Domingo, 25 Julho 2021

Agressão a cachorra em prédio de Americana mobiliza deputado e ativista da causa animal

Agressão a cachorra em prédio de Americana mobiliza deputado e ativista da causa animal

Uma cachorra da raça pinscher foi resgatada ontem (13) pela Polícia Civil, após um vídeo de maus-tratos mostrar o animal apanhando 39 vezes em um elev

Uma cachorra da raça pinscher foi resgatada ontem (13) pela Polícia Civil, após um vídeo de maus-tratos mostrar o animal apanhando 39 vezes em um elevador de um condomínio residencial de Americana. O caso foi revelado pela ativista Luísa Mell e pelo deputado delegado Bruno Lima, conhecidos por defender a causa animal.

As imagens das câmeras de segurança flagram um homem e a cachorrinha em dois momentos. As imagens são fortes. No primeiro vídeo, eles entram no elevador, enquanto a pinscher usa uma coleira. Segundos depois, o homem levanta o animal pela guia e dá 17 tapas no seu corpo. Pequena, a cachorra chegar a girar no ar enquanto apanha.

Depois dos maus-tratos, o homem a coloca no chão, parece chamar a atenção do animal e bate mais quatro vezes.
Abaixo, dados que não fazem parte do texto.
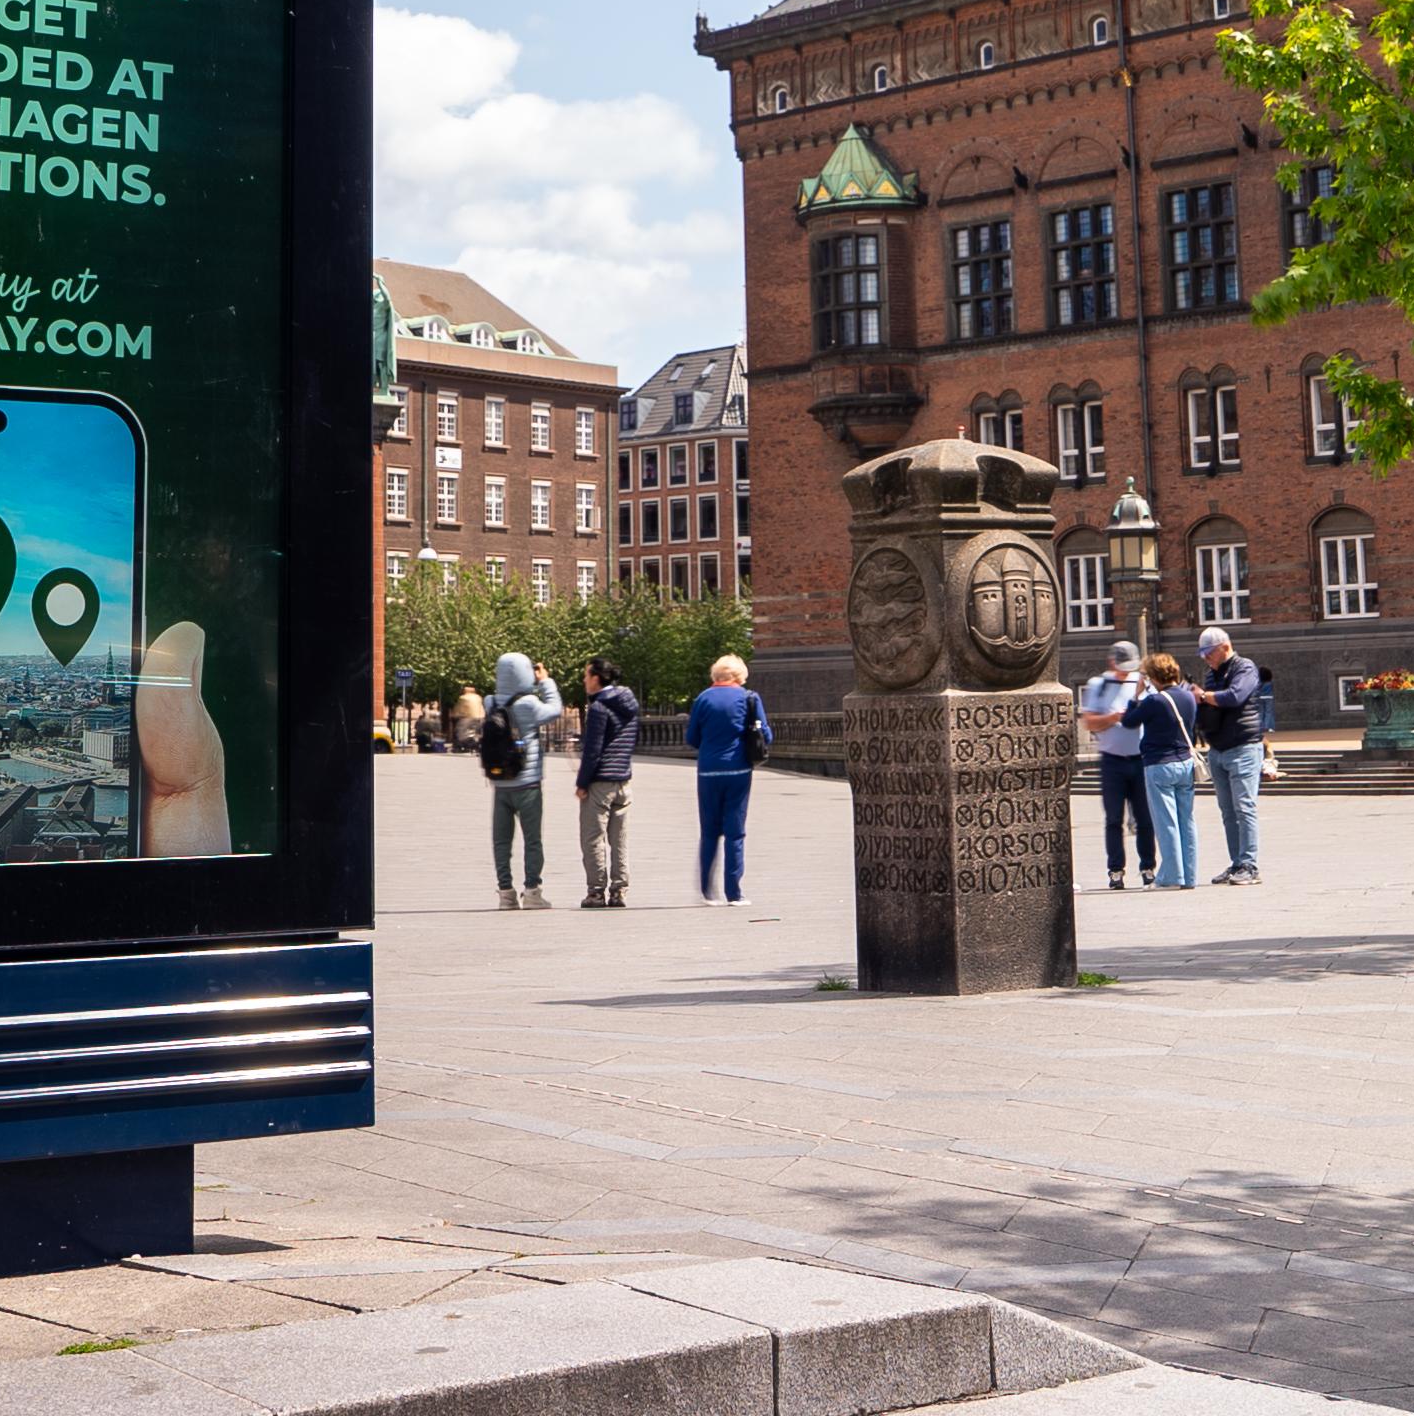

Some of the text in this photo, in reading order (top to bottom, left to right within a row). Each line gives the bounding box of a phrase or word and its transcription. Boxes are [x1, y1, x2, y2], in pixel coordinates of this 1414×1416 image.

[107, 58, 174, 101] AT
[51, 267, 100, 304] at
[956, 702, 1068, 730] ROSKILDE
[956, 766, 1068, 795] RINGSTED
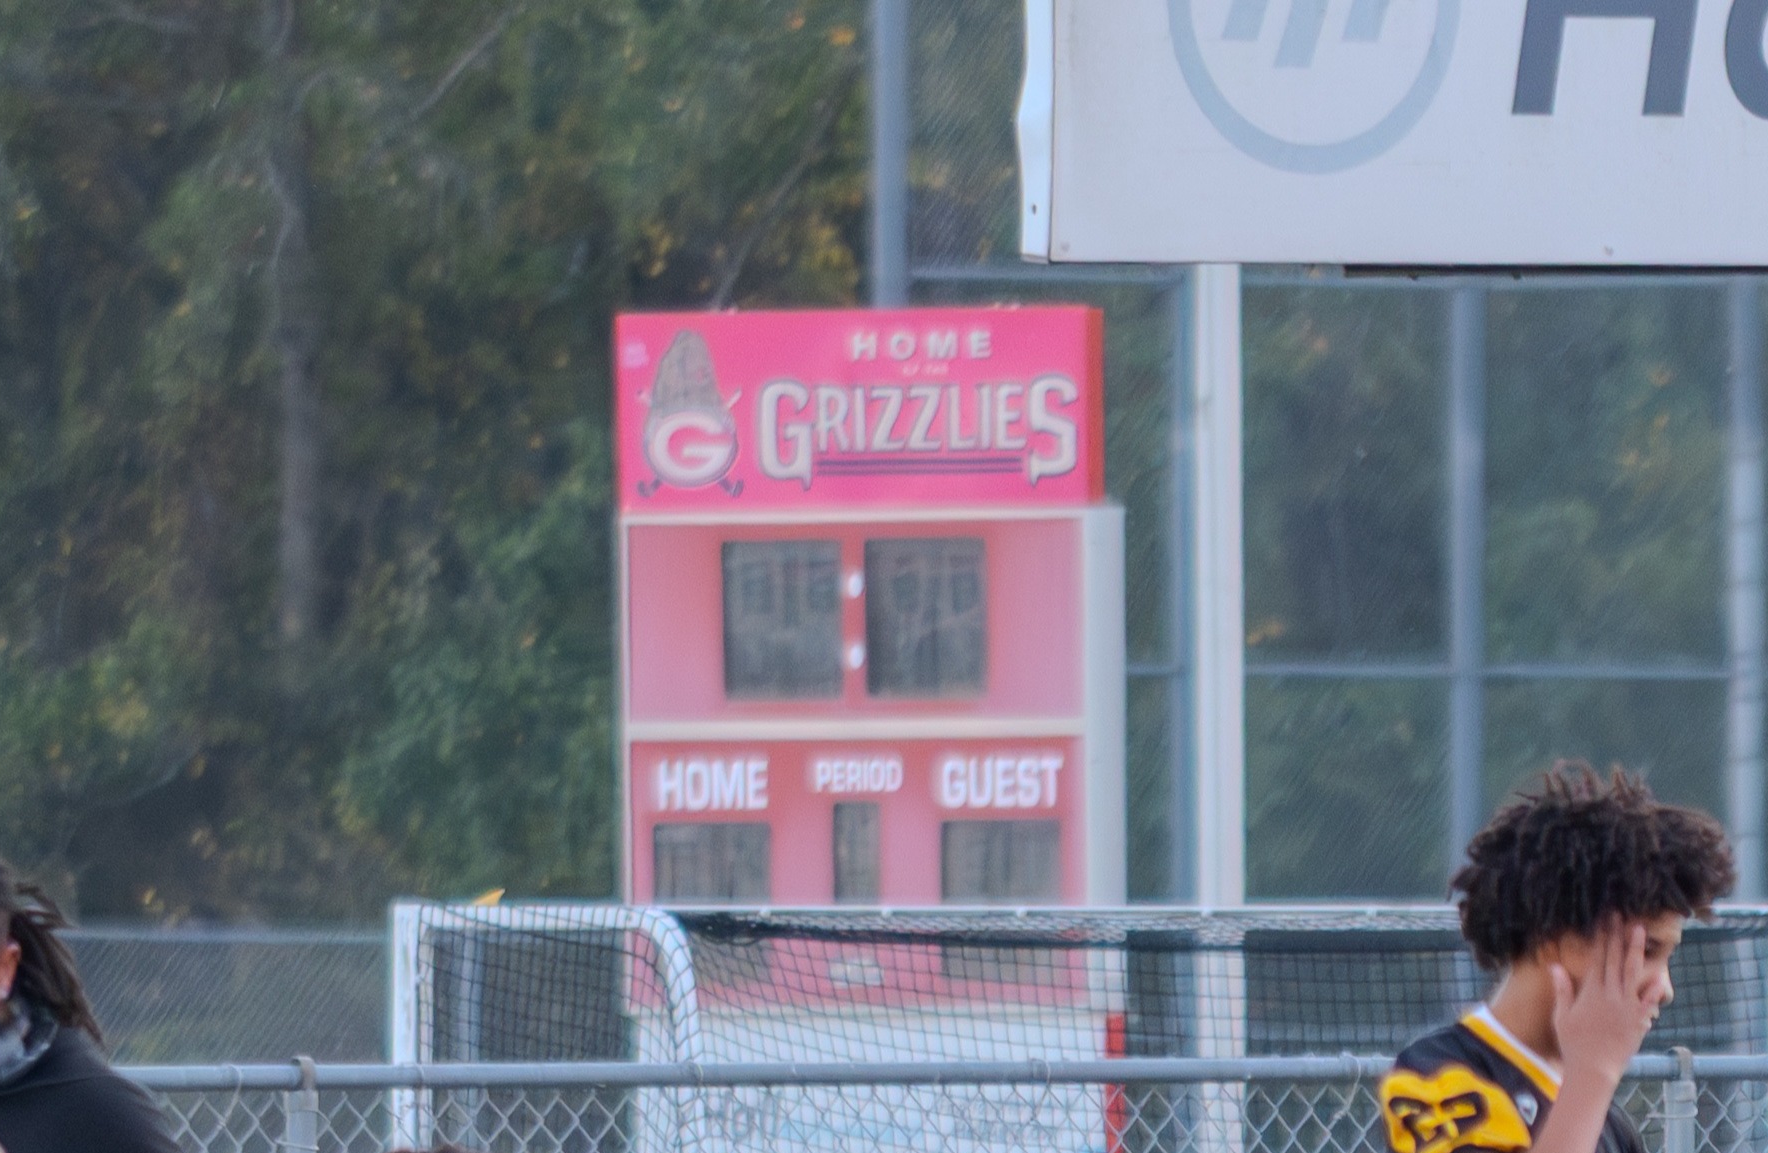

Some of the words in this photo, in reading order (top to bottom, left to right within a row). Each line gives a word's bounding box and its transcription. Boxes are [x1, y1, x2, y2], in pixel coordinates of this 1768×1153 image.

[848, 328, 993, 361] HOME
[755, 374, 1079, 490] GRIZZLIES
[653, 757, 770, 811] HOME
[809, 756, 905, 794] PERIOD
[936, 753, 1065, 810] GUEST
Horas depois, de volta ao prédio, com compras nas mãos, ele volta a agredir a cachorra, desta vez com mais 18 tapas. No final deste segundo vídeo, o agressor acaba fazendo "carinho" no animal antes de deixar o elevador.
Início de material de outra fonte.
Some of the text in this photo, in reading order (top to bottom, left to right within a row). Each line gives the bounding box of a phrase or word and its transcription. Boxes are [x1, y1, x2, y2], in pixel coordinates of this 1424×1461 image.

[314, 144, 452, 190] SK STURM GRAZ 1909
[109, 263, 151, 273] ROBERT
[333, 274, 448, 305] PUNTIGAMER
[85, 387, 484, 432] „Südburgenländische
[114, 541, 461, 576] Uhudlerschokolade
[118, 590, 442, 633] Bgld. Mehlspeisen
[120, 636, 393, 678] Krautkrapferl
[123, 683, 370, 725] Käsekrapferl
Segundo a SSP (Secretaria de Segurança Pública) do Estado de São Paulo, uma esteticista, de 52 anos, dona do animal, foi denunciada por maus-tratos.

De acordo com o boletim de ocorrência, a Polícia Civil foi cumprir um mandado de busca e apreensão por maus-tratos a um cachorro da raça Pincher e, no local, a suspeita informou não ter conhecimento dos vídeos que circulam nas redes sociais agredindo sua cachorra. O namorado dela agora é investigado como autor do crime, mas ainda não foi localizado.
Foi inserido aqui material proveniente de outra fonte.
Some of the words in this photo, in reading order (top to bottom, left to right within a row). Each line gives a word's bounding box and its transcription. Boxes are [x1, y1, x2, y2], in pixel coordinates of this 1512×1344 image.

Essas agressões ocorreram no dia 9 de abril, no bairro Cariobinha. Segundo a equipe do delegado Bruno Lima, o caso foi descoberto porque o síndico do prédio procurou a delegacia de Americana na última semana. Ele entregou os vídeos ao setor de investigação e, nesta quinta-feira, com o apoio do Instituto Luísa Mel e do delegado Bruno, a equipe foi até a residência resgatar a cachorra.

Por meio de um mandado de busca e apreensão, a pinscher foi para delegacia nos braços da tutora. Ela alegou à polícia e aos ativistas da causa animal que não sabia das agressões feitas pelo seu namorado. No entanto, a mulher confirmou que a cachorra tinha medo do homem. Após a ocorrência, a tutela do animal ficou com ela, que disse que terminaria o relacionamento.

Já o agressor, que é morador de Campinas, pode responder por maus-tratos e será ouvido assim que for localizado. A pena para quem maltrata animais é de 2 a 5 anos de prisão.

LUISA MELL

No Instagram, a ativista Luísa Mell afirmou que vai acompanhar o caso, uma vez que o instituto não recebeu a tutela do animal. Uma das reclamações é que não foi pedido uma avaliação clínica do animal, para avaliar a extensão do dano feito.

"Há realmente uma grande chance da mulher não saber o que acontecia. Porém este homem poderia ter matado a cachorra. Então é evidente que o cachorro deveria ficar em segurança até o caso ser esclarecido, assim como o poder judiciário ordenou. Evidente que irei acompanhar o caso, no judiciário", disse.